La prostituzione non è un reato in Francia, né pagare in cambio di prestazioni sessuali, e il Senato francese ha respinto una proposta di criminalizzazione dei clienti lo scorso settembre. Il ruolo di «organizzatore» contestato a DSK non è molto ben delineato, se si eccettua il fatto che almeno una delle feste in questione si sarebbero tenute in uno dei suoi appartamenti a Parigi.

Il caso giudiziario ha avuto una storia complicata, con l’iniziale non luogo a procedere chiesto dalla pubblica accusa e una decisione diversa dei giudici, che a luglio del 2013 hanno deciso di rimandare lo stesso il caso al tribunale di Lille. DSK sostiene di non sapere che le donne presenti fossero state pagate. La pena massima che rischia è di dieci anni di carcere e 1,5 milioni di euro di multa.

Un processo politico?

Nei resoconti della stampa francese, molti sottolineano che le prove contro DSK sembrano piuttosto esigue sul piano giudiziario e si domandano se la questione non riguardi anche altro oltre al piano penale. Le Monde collega la vicenda di Lille ad un altro processo che aprirà tra pochi giorni e di cui la stampa francese si è occupata molto a lungo, quello per l’affaire Bettencourt, che riguarda presunti pagamenti illeciti a membri del governo di Nicolas Sarkozy nel 2010.

Il quotidiano Libération si chiede se sia sostenibile la tesi già espressa da diversi avvocati dei 14 imputati – quelli di DSK non si sono pronunciati pubblicamente sulla vicenda – che l’intera inchiesta di Lille sia stata frutto di «un complotto» per stroncare le ambizioni presidenziali del più celebre dei personaggi coinvolti, amplificando i risultati delle indagini e portando in aula un impianto accusatorio basato sul nulla. Nel 2011, secondo questa linea di interpretazione, l’arresto di DSK a New York avrebbe fatto emergere prima del tempo una storia destinata alle prime pagine una volta che si fosse avviata davvero la campagna presidenziale francese.

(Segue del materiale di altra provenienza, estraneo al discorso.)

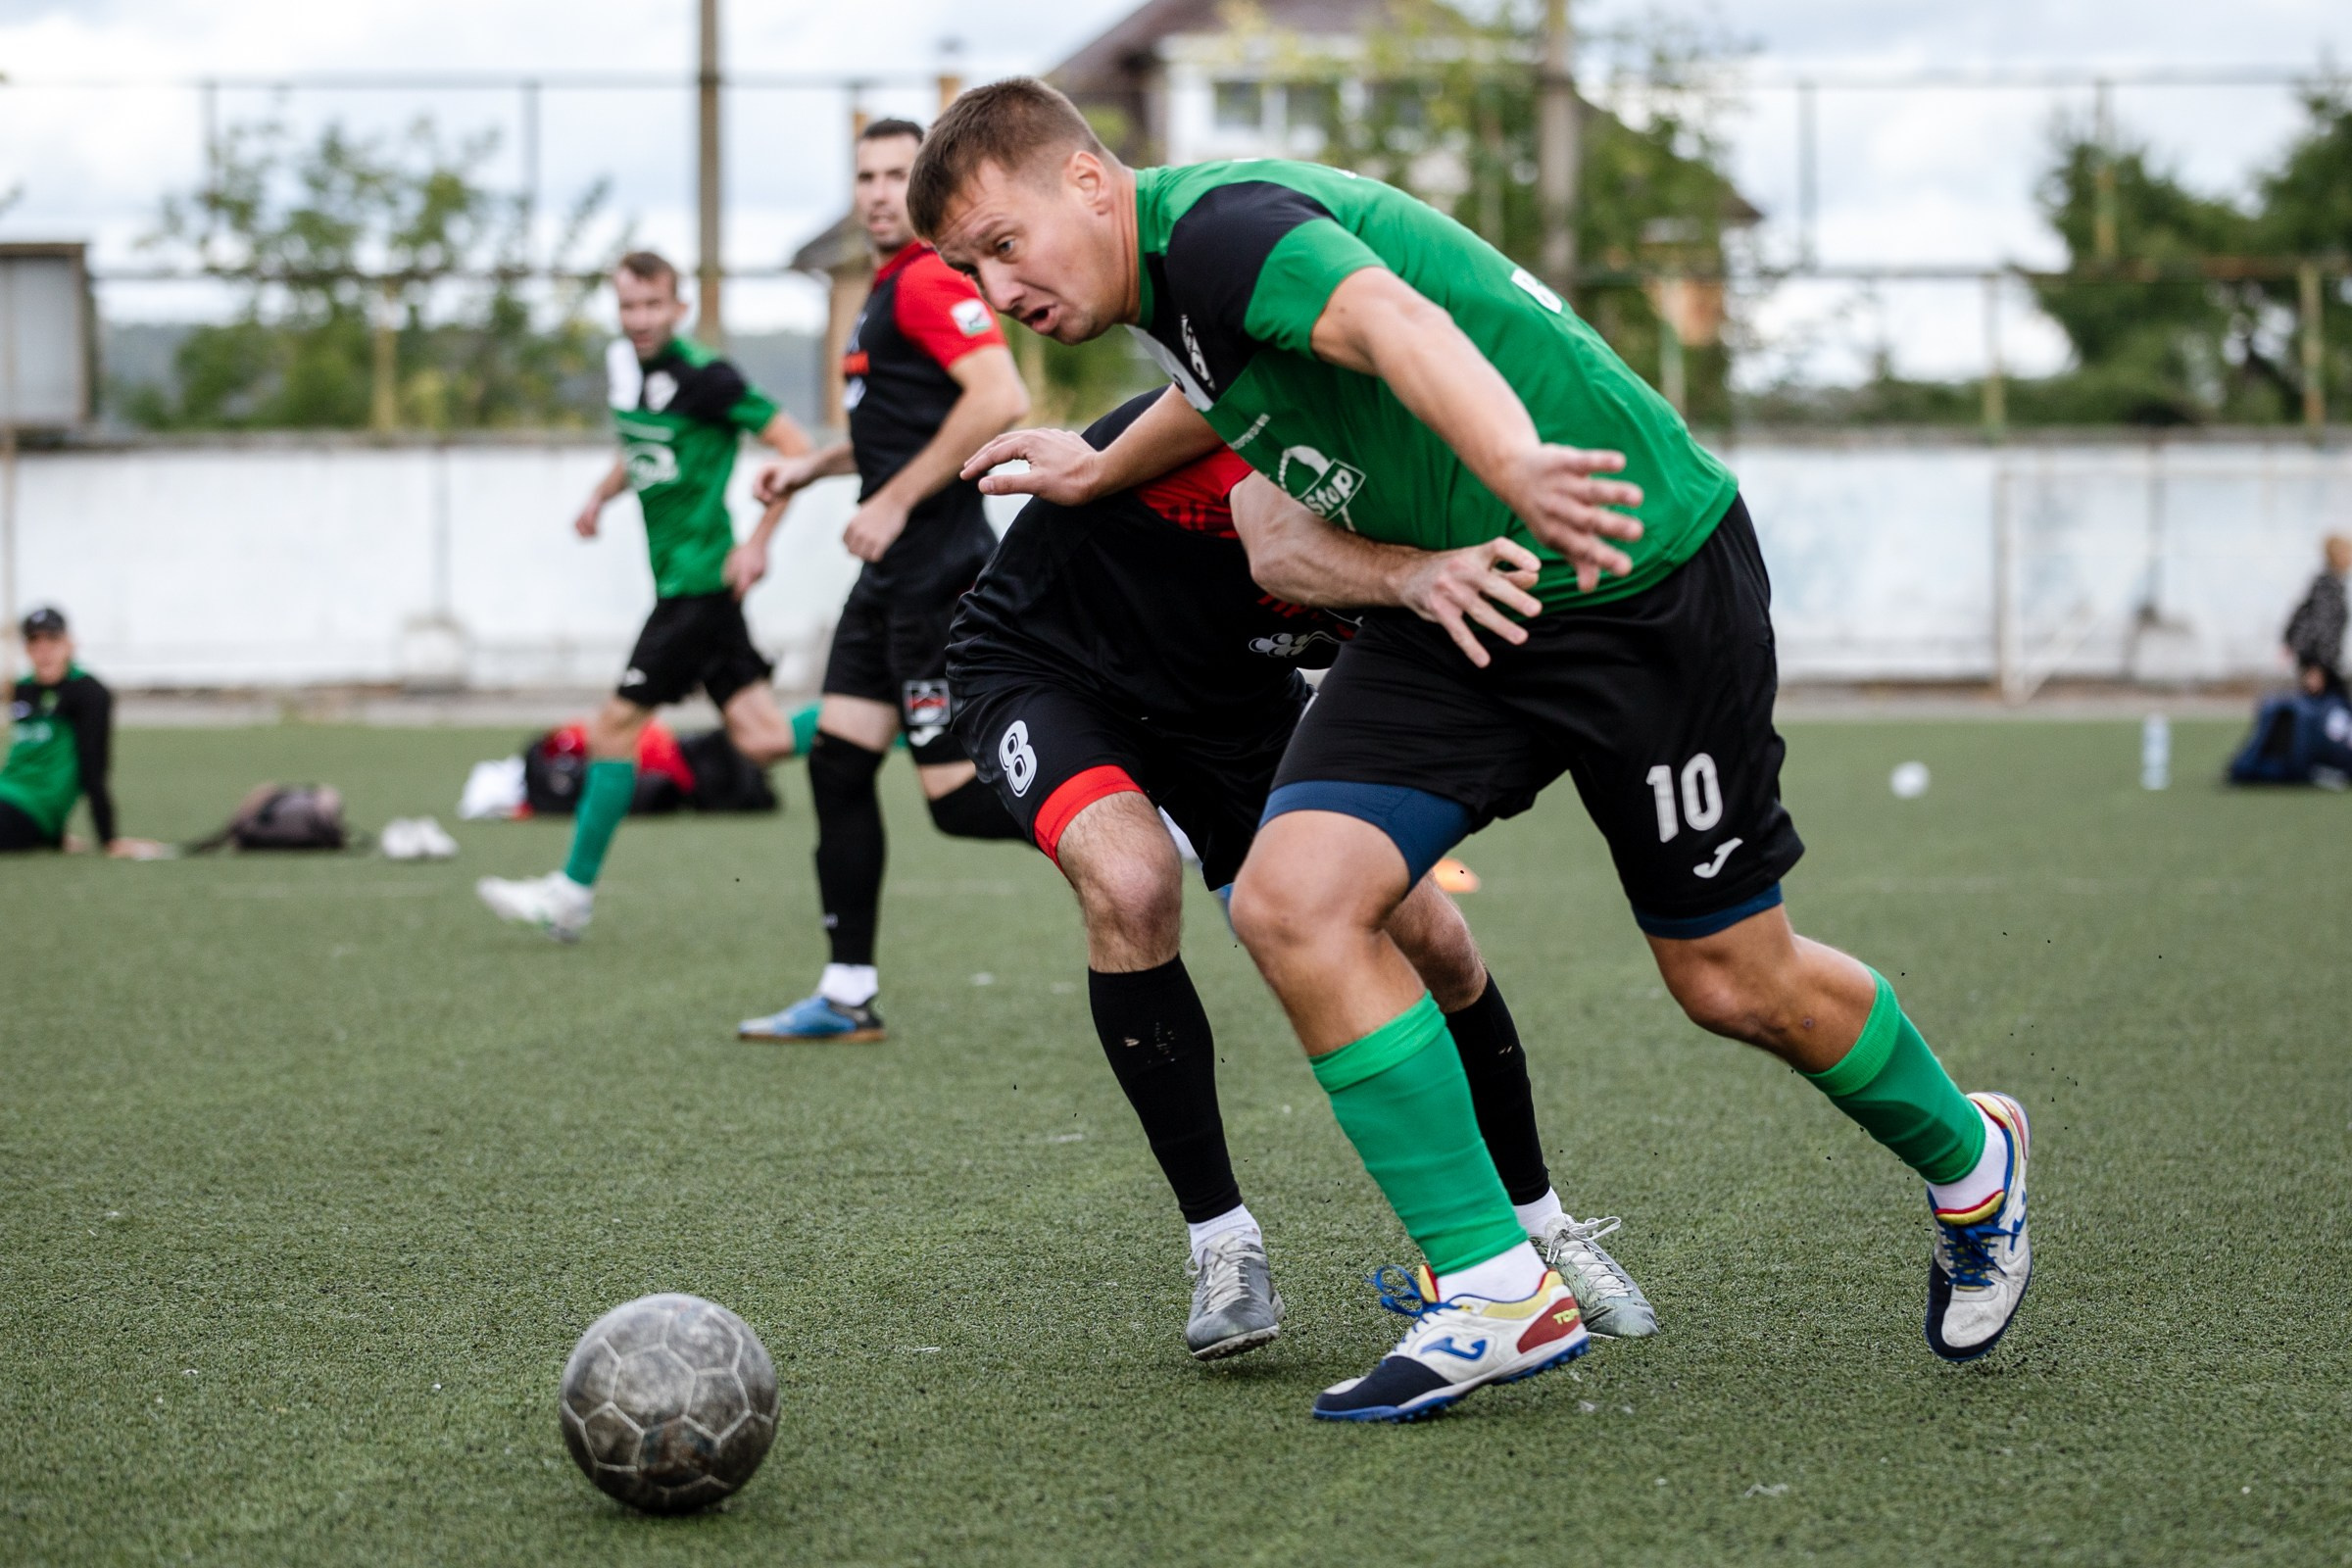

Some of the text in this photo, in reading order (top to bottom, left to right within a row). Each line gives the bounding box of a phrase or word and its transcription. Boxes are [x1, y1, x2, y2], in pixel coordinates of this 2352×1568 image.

«Certo – scrive la giornalista Ondine Millot – gli avvocati fanno il loro mestiere, ma una tale unanimità [tra i difensori degli altri imputati], quando differiscono gli interessi e i supposti ruoli dei loro clienti, è notevole».

Etica pubblica e morale privata

Il processo di Lille, che dovrebbe durare circa tre settimane e che ha portato nella città settentrionale giornalisti da tutto il paese – e non solo – ha anche riportato i media francesi a discutere di quanto la vita personale dei leader politici debba avere una rilevanza pubblica. Il caso, ha detto il giornalista francese Didier Specq al Guardian, non è di grande importanza sul piano giudiziario, ma «riguarda la politica, i media e i giudizi morali».

Già nel caso del Sofitel che pose fine alla sua carriera politica – il partito socialista da allora non vuole più saperne nulla di lui – molti in Francia opposero la moralità “puritana” degli Stati Uniti alla prospettiva più libertina diffusa in patria, difendendo DSK sulla base dell’argomento che «nel proprio privato ciascuno fa ciò che vuole». E questo anche a costo di non entrare nel merito della vicenda di New York, mostrando in alcuni casi una prospettiva sessista da parte dei commentatori e facendo toccare con mano l’aura di impunità di cui DSK ha a lungo goduto nella sua carriera.

A differenza di quanto accade nei paesi anglosassoni, per molti anni i media francesi si sono auto-censurati, complici le strettissime leggi sulla privacy del paese, quando è emersa la possibilità di rendere pubbliche le relazioni sentimentali, extraconiugali o meno, dei propri leader politici. Le cose sono cominciate a cambiare solo negli ultimi anni, a volte per volere degli stessi politici: Nicolas Sarkozy ha coinvolto la sua famiglia nella sua campagna elettorale del 2007, e poco dopo i media francesi hanno dato grande risalto al suo divorzio e al matrimonio con Carla Bruni mentre era in carica.

Allo stesso modo, ai primi di gennaio del 2014 finì su tutte le prime pagine la relazione extraconiugale del suo successore François Hollande. Anche se gran parte dei francesi dichiara che le scelte sentimentali o sessuali di un politico non sono di alcun interesse per il suo rapporto con gli elettori, la stampa ha preso a dare a simili vicende un’inedita copertura. Il processo di Lille è seguito da decine di telecamere e cronisti: al di là della sua conclusione, la nuova puntata dell’umiliazione pubblica di DSK mostra che in Francia il rapporto tra i media, il pubblico e i politici è già cambiato.